Course Title: Distributed Systems

Credits: No

Lecturer:  Salvatore Distefano (email: s_distefano@it.kfu.ru)

Prerequisite courses: None

Course outline

The main goal of the "Distributed systems" course is to provide an overview of this scenario, focusing on technologies and main components, such as Cloud, Internet of Thinks, Software Defined and Virtualized Ecosystems, as well as on the main (non-functional) properties that must be provided to the stakeholders of these systems, such as scalability, performance, reliability, availability.

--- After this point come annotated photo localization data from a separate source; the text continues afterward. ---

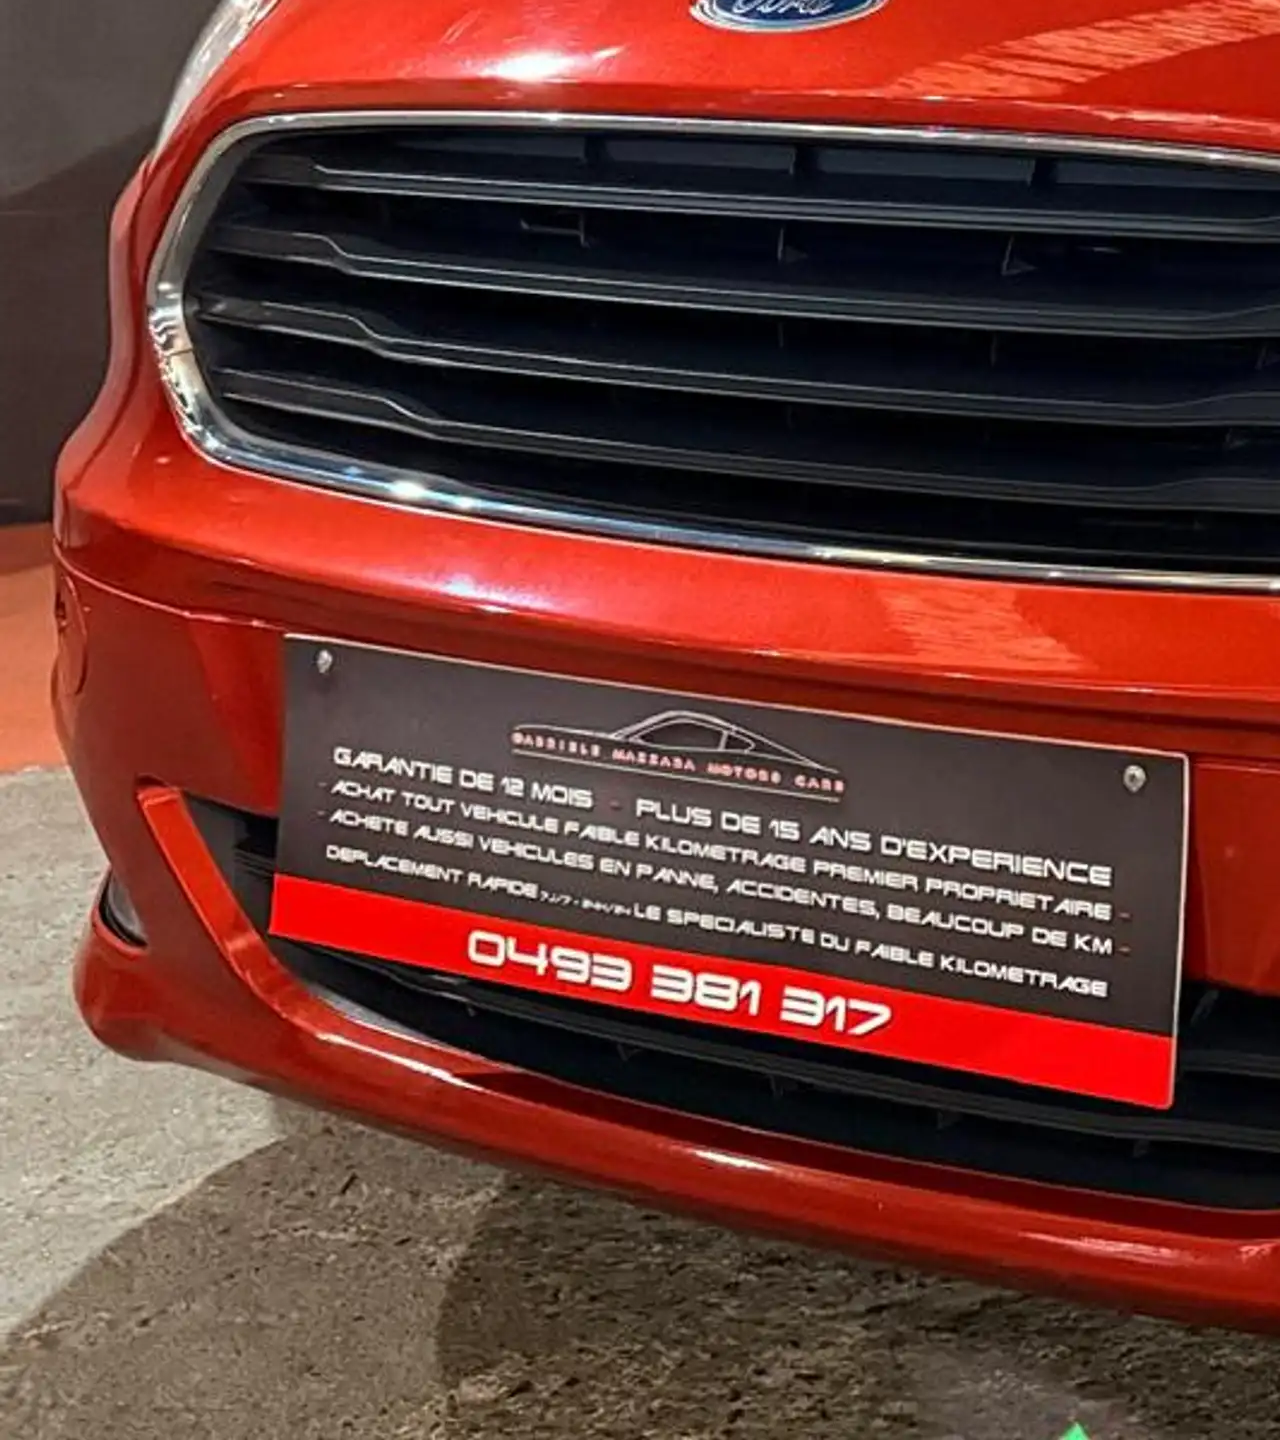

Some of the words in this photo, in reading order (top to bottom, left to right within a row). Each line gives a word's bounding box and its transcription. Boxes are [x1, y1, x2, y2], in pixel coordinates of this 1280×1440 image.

[333, 746, 453, 785] GARANTIE
[459, 768, 494, 792] DE
[500, 776, 525, 798] 12
[530, 781, 594, 809] MOIS
[636, 797, 712, 828] PLUS
[720, 812, 761, 836] DE
[768, 820, 800, 841] 15
[808, 826, 872, 853] ANS
[880, 834, 1112, 887] D'EXPERIENCE
[511, 731, 601, 758] GABRIELE
[707, 762, 782, 785] MOTORS
[794, 774, 845, 793] CARS
[326, 844, 464, 884] DEPLACEMENT
[467, 871, 539, 900] RAPIDE
[633, 902, 662, 923] LE
[666, 908, 815, 945] SPECIALISTE
[820, 932, 850, 952] DU
[854, 940, 935, 968] FAIBLE
[940, 954, 1108, 998] KILOMETRAGE
[330, 809, 408, 838] ACHETE
[413, 824, 474, 849] AUSSI
[478, 835, 595, 871] VEHICULES
[599, 858, 631, 877] EN
[887, 903, 1025, 940] BEAUCOUP
[1031, 926, 1068, 949] DE
[1074, 933, 1113, 956] KM
[331, 779, 396, 804] ACHAT
[401, 790, 455, 814] TOUT
[460, 801, 559, 835] VEHICULE
[645, 832, 807, 874] KILOMETRAGE
[812, 859, 918, 893] PREMIER
[925, 876, 1112, 922] PROPRIETAIRE
[466, 929, 632, 992] 0493
[650, 963, 762, 1016] 381
[779, 984, 892, 1036] 317
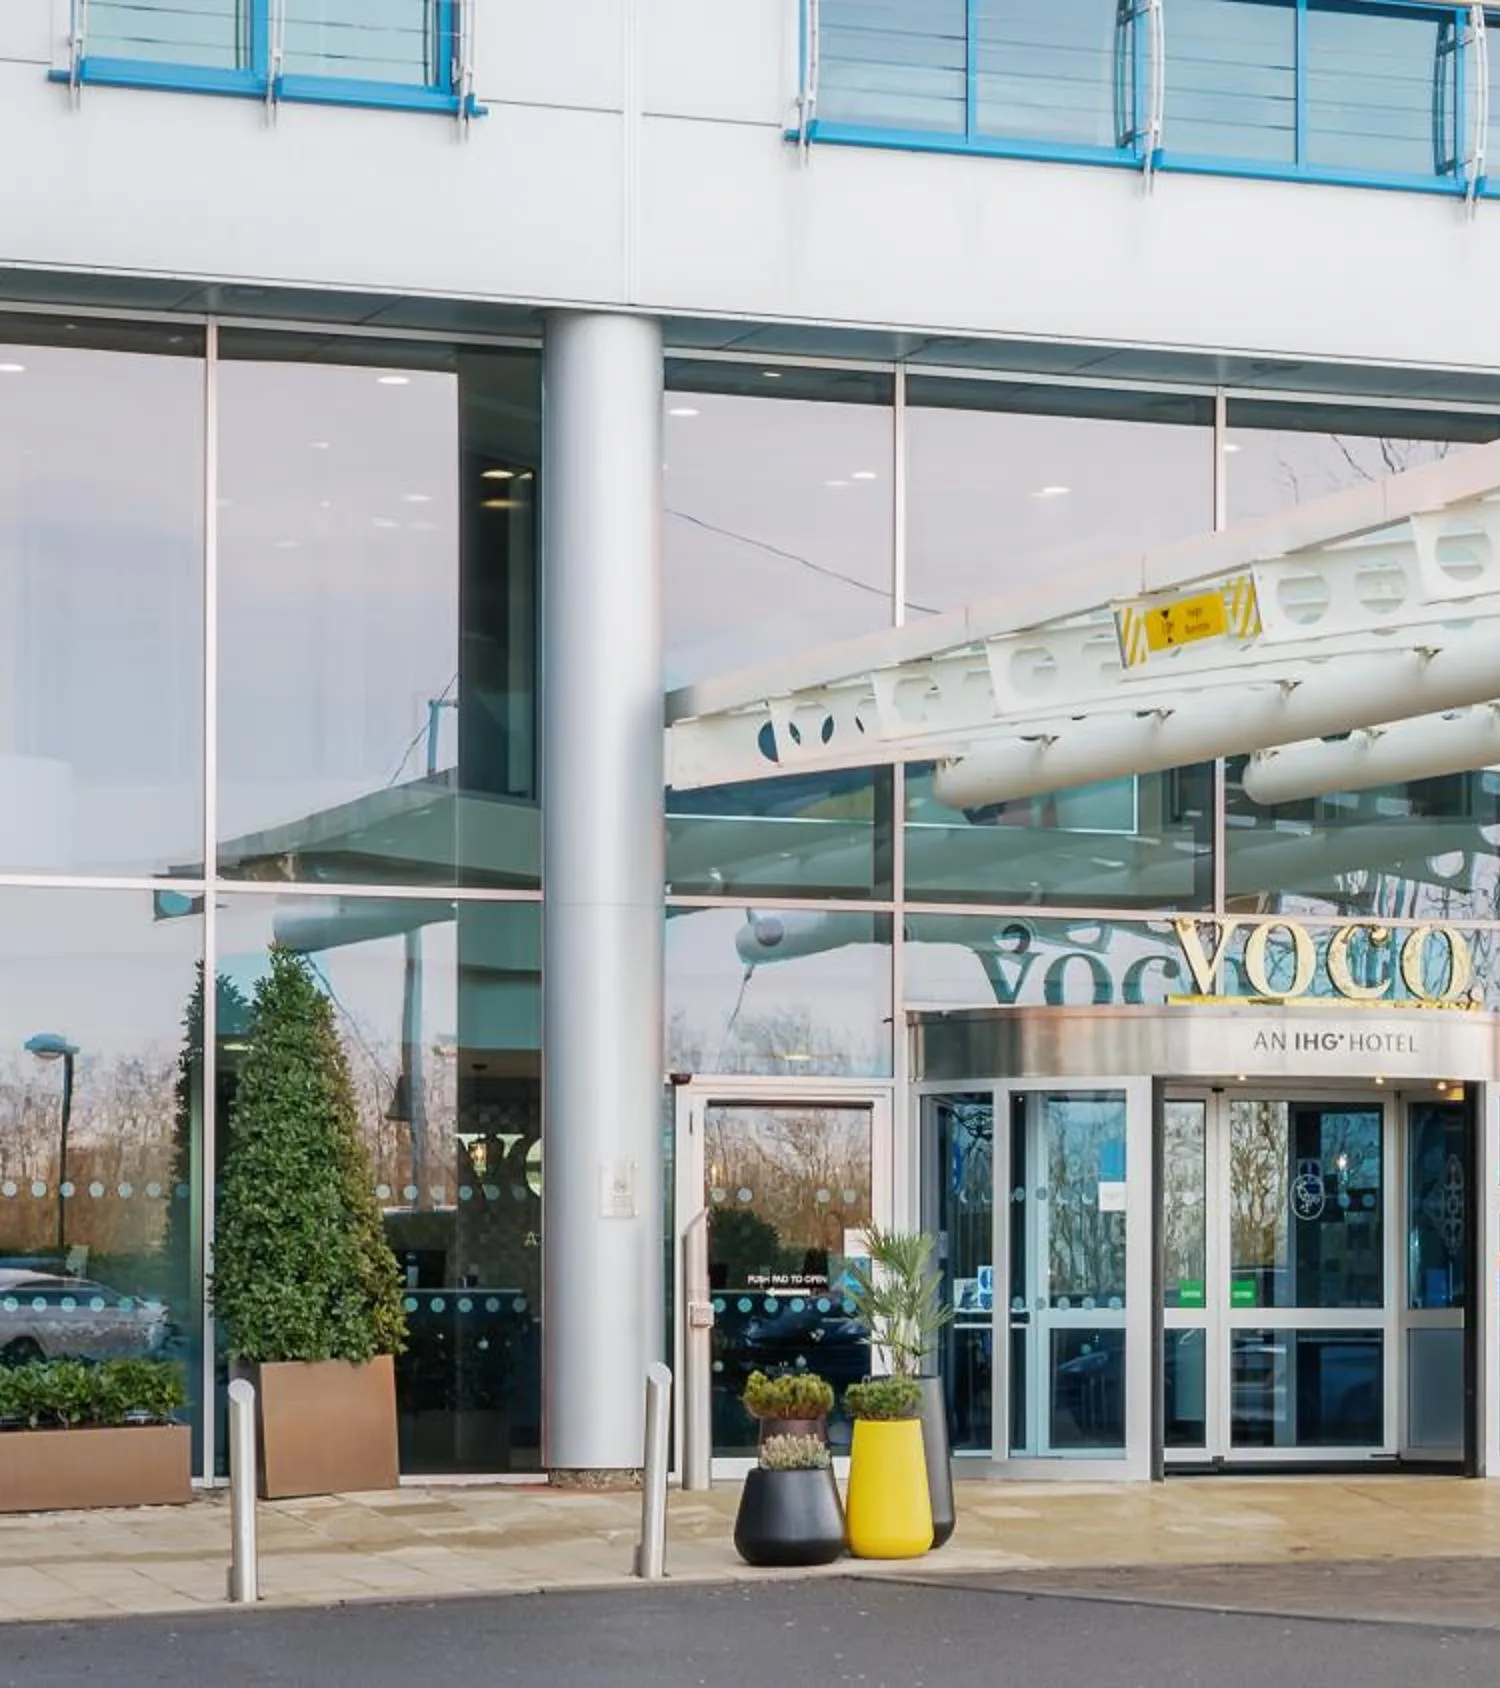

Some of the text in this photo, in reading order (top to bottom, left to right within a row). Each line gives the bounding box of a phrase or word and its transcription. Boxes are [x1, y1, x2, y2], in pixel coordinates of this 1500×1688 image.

Required background knowledge:

None.  

Course Syllabus:

The course is organized into two main parts identifying and characterizing distributed computing systems functional and non-functional properties

I) Functional properties

Types of parallelism: implicit and explicit parallelism

Implicit parallelism: bit, word, pipeline, super-scalarity, hyperthreading

Explicit parallelism

Multiprocessor systems and program parallelization

Multi-core and many core systems

Distributed computing

Memory and Storage Systems

Disk architecture and performance

RAID systems

Storage Architectures  (DAS, NAS, SAN)

Software Defined and Virtualized Ecosystems

Cloud computing

Internet of Thinks

 

II) Non-functional properties

Dependability and Performance metrics

Stochastic modeling, state space based models

Dependability evaluation: state space and combinatorial modeling

Performance evaluation and capacity planning

Textbooks and Reference Materials:

- Kishor S. Trivedi. Probability and Statistics with Reliability, Queuing, and Computer Science Applications, John Wiley and Sons, New York, 2001. ISBN number 0-471-33341-7 

- Ananth Grama, George Karypis, Vipin Kumar, Anshul Gupta. Introduction to Parallel Computing, 2/E. ISBN-10: 0201648652 • ISBN-13: 9780201648652, 2003 Addison-Wesley, 656 pp.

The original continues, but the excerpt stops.